* [Required work] Although the entries contain pictures, your copy should hold only their exact text.

--------------------

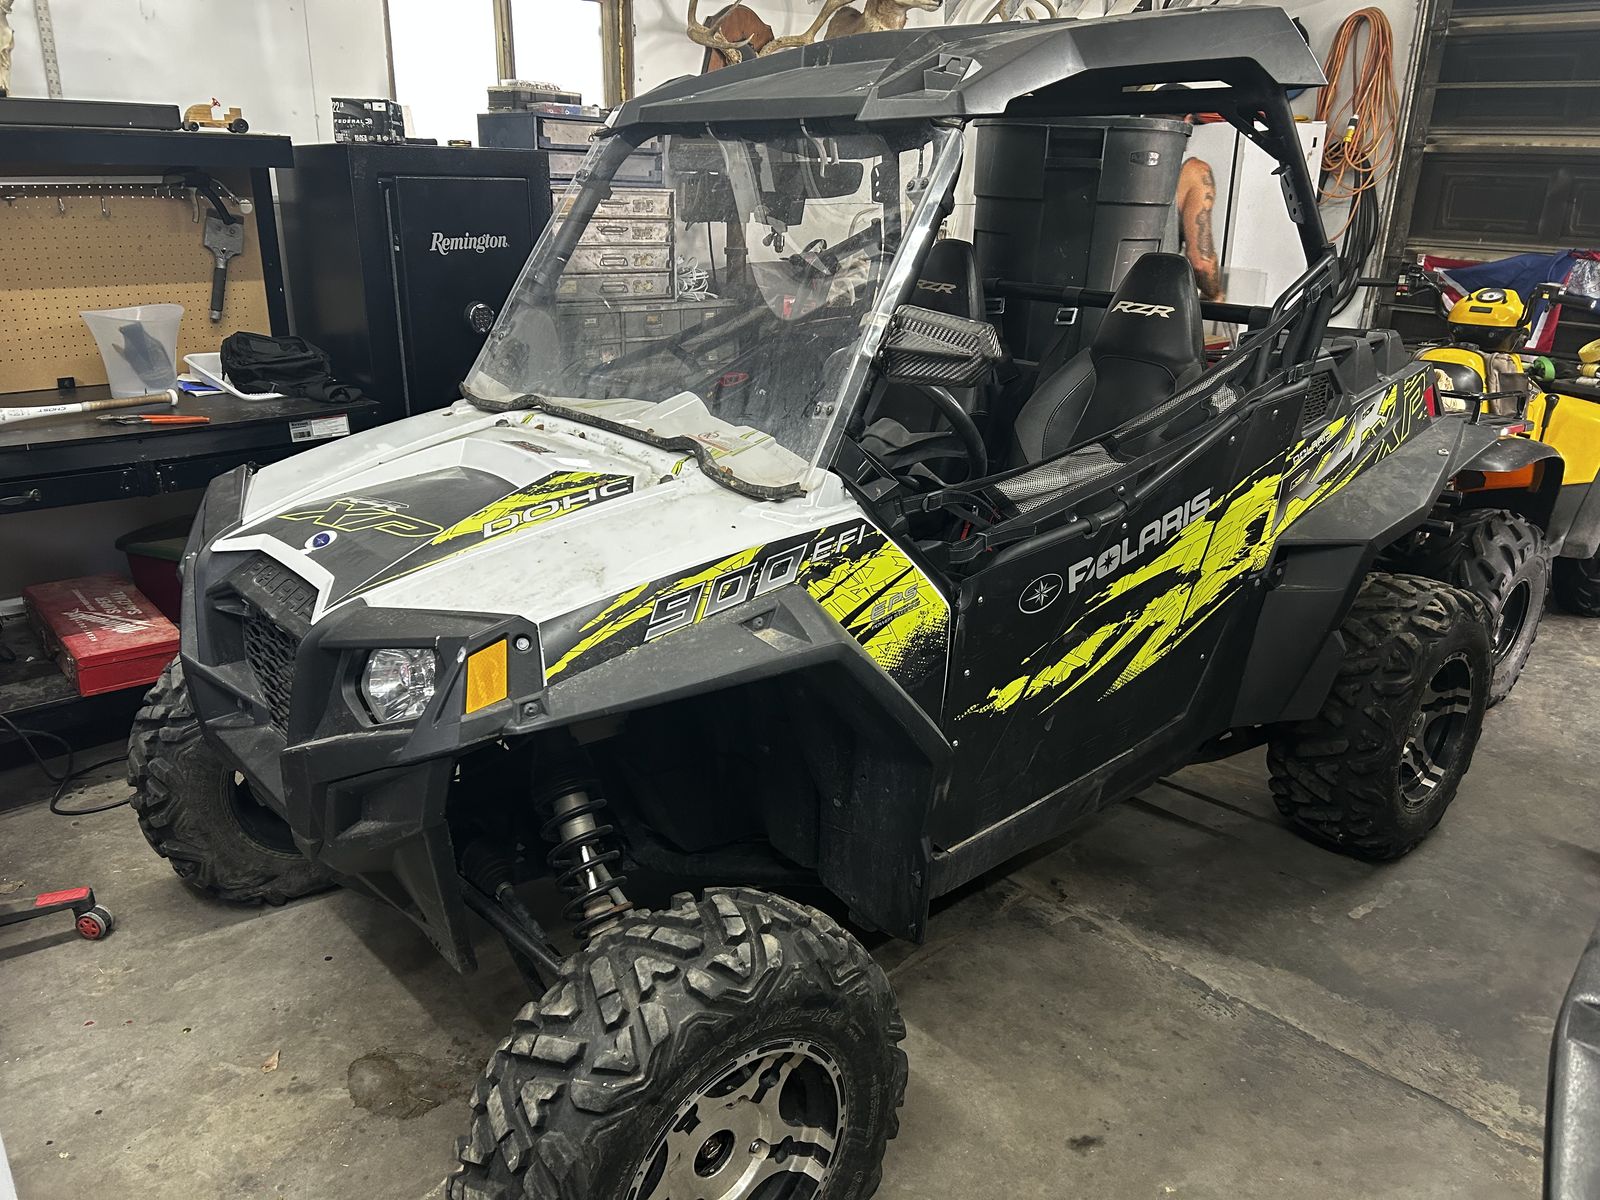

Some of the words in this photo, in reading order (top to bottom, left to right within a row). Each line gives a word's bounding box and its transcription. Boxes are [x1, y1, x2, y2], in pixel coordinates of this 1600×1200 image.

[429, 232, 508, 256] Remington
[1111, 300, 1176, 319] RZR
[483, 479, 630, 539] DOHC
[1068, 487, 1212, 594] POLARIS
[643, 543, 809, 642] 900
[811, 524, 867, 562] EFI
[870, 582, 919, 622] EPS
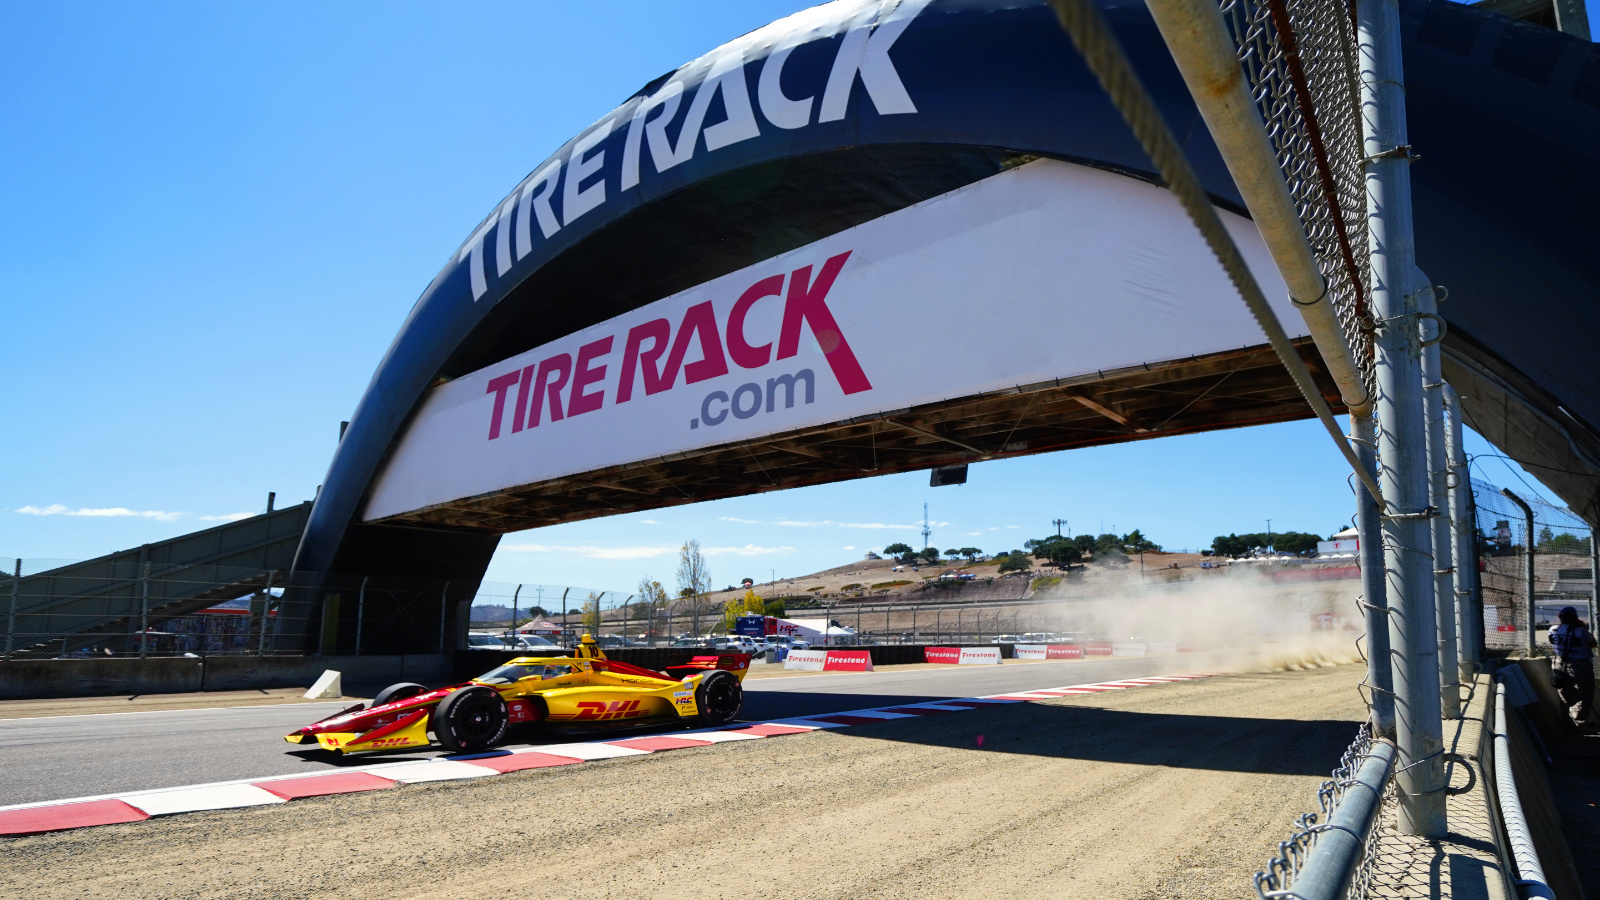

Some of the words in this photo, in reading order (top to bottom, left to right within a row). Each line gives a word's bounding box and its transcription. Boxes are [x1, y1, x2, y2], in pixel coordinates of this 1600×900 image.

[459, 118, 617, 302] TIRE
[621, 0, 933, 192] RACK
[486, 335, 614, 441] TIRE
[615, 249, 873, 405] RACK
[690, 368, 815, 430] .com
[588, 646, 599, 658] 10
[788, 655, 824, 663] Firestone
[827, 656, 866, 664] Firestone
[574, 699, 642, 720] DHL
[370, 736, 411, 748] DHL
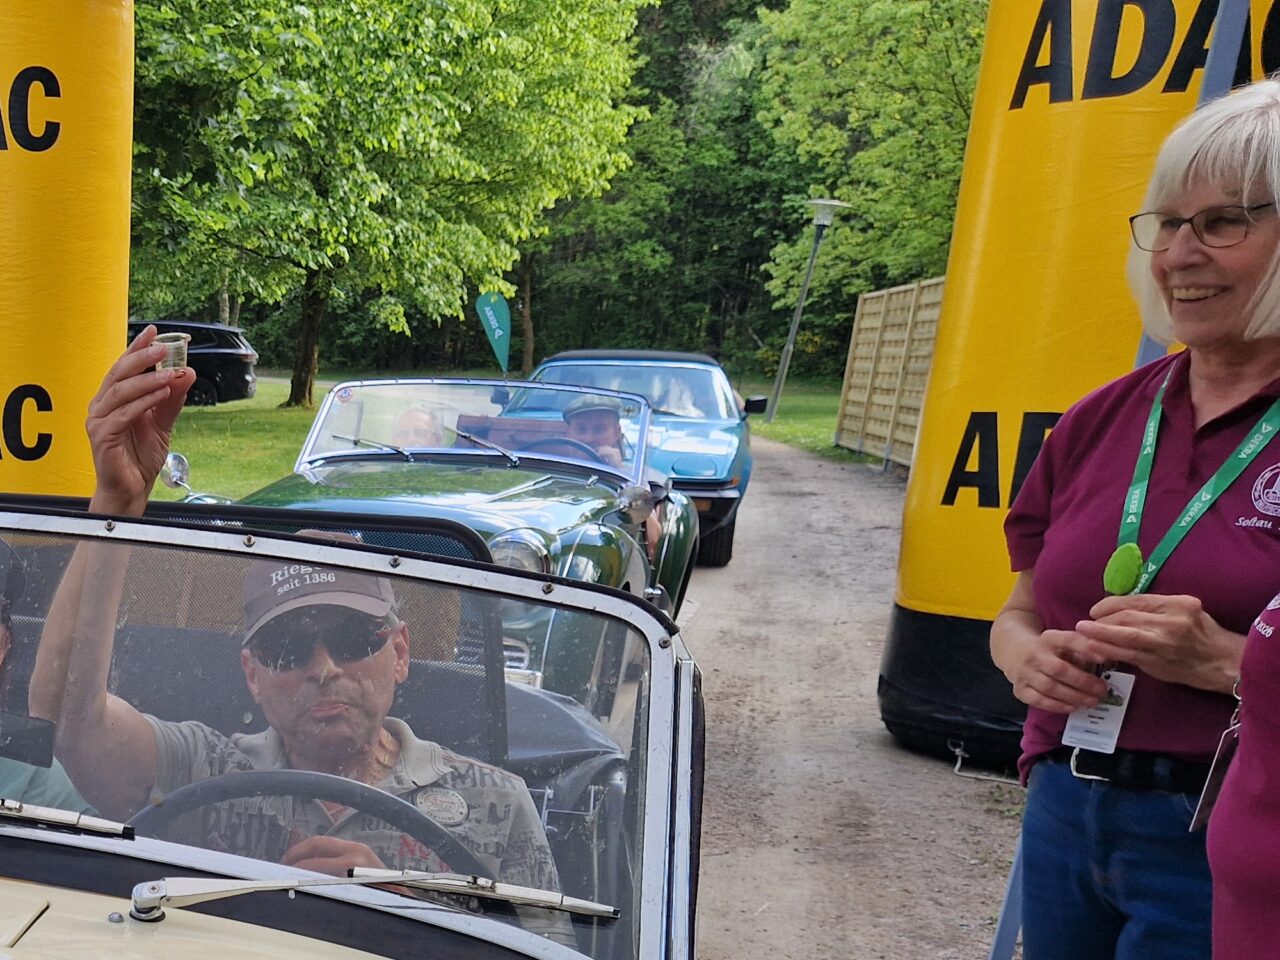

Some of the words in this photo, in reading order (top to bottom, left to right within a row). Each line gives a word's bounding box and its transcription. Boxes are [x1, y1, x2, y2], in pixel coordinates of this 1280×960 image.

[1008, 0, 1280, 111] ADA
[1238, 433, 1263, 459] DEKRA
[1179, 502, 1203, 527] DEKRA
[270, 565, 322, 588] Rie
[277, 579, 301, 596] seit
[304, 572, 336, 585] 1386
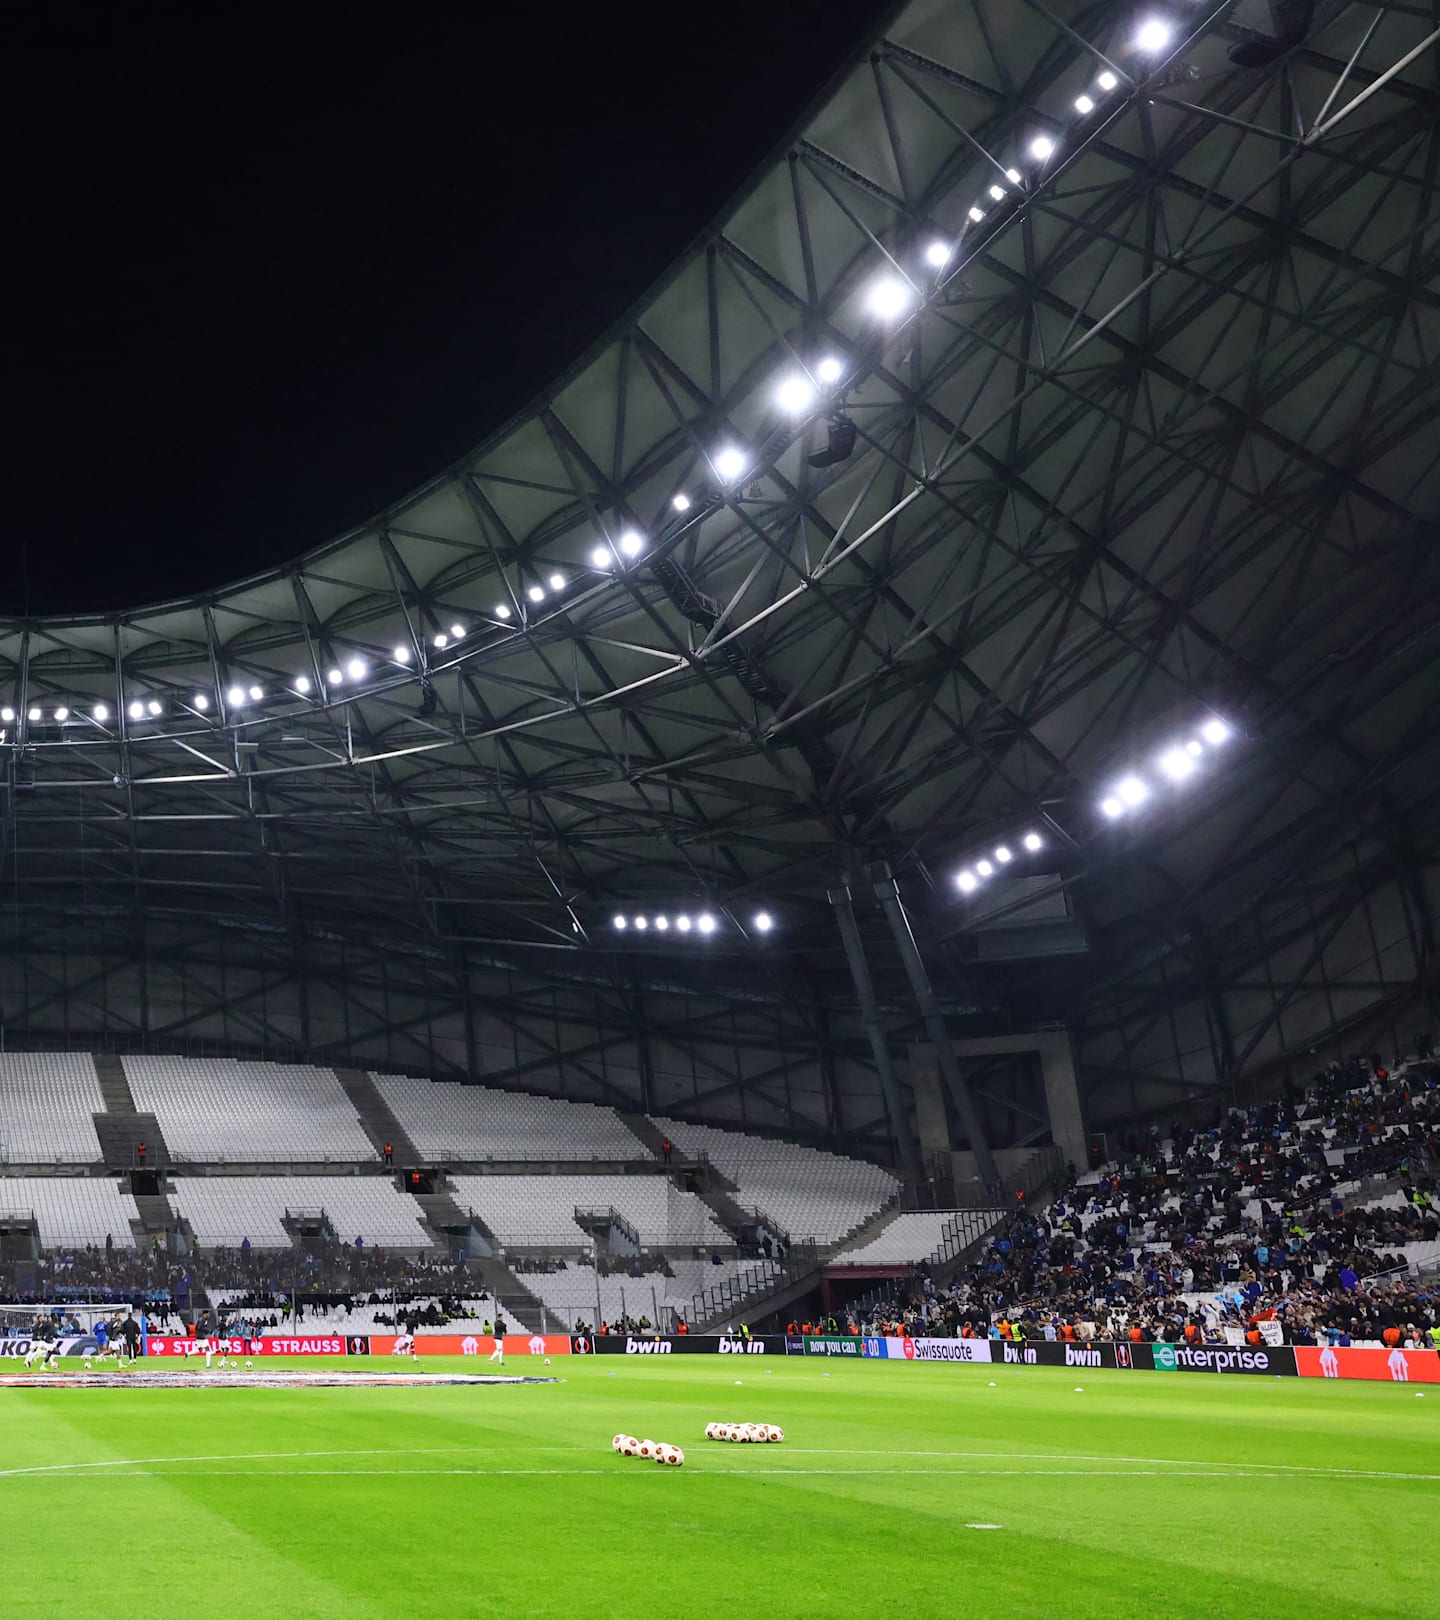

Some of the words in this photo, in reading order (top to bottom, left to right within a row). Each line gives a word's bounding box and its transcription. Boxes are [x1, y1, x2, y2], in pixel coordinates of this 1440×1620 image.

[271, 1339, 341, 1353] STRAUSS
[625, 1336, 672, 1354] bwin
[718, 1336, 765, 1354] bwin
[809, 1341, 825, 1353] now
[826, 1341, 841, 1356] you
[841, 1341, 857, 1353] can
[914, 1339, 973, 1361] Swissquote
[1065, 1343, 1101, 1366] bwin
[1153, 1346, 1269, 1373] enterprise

--------------------

* [Finished exercise]
Some of the words in this photo, in reading order (top to bottom, left to right within a row). Each line gives a word's bounding box and its transcription. Boxes are [x1, y1, x2, y2], in pixel coordinates of this 1600×1200 image.

[429, 232, 508, 256] Remington
[1111, 300, 1176, 319] RZR
[483, 479, 630, 539] DOHC
[1068, 487, 1212, 594] POLARIS
[643, 543, 809, 642] 900
[811, 524, 867, 562] EFI
[870, 582, 919, 622] EPS

Some of the words in this photo, in reading order (top to bottom, left to right within a row). Each line gives a word's bounding box and its transcription. Boxes are [x1, y1, x2, y2], in pixel coordinates of this 1600×900 image.

[459, 118, 617, 302] TIRE
[621, 0, 933, 192] RACK
[486, 335, 614, 441] TIRE
[615, 249, 873, 405] RACK
[690, 368, 815, 430] .com
[588, 646, 599, 658] 10
[788, 655, 824, 663] Firestone
[827, 656, 866, 664] Firestone
[574, 699, 642, 720] DHL
[370, 736, 411, 748] DHL

Some of the words in this photo, in reading order (top to bottom, left to right within a row). Each line gives a word's bounding box and its transcription. Boxes are [x1, y1, x2, y2], in pixel coordinates of this 1280×960 image.

[1008, 0, 1280, 111] ADA
[1238, 433, 1263, 459] DEKRA
[1179, 502, 1203, 527] DEKRA
[270, 565, 322, 588] Rie
[277, 579, 301, 596] seit
[304, 572, 336, 585] 1386

Some of the words in this photo, in reading order (top to bottom, left to right within a row). Each line gives a word's bounding box and its transcription. Boxes are [x1, y1, x2, y2], in pixel coordinates of this 1440×1620 image.

[271, 1339, 341, 1353] STRAUSS
[625, 1336, 672, 1354] bwin
[718, 1336, 765, 1354] bwin
[809, 1341, 825, 1353] now
[826, 1341, 841, 1356] you
[841, 1341, 857, 1353] can
[914, 1339, 973, 1361] Swissquote
[1065, 1343, 1101, 1366] bwin
[1153, 1346, 1269, 1373] enterprise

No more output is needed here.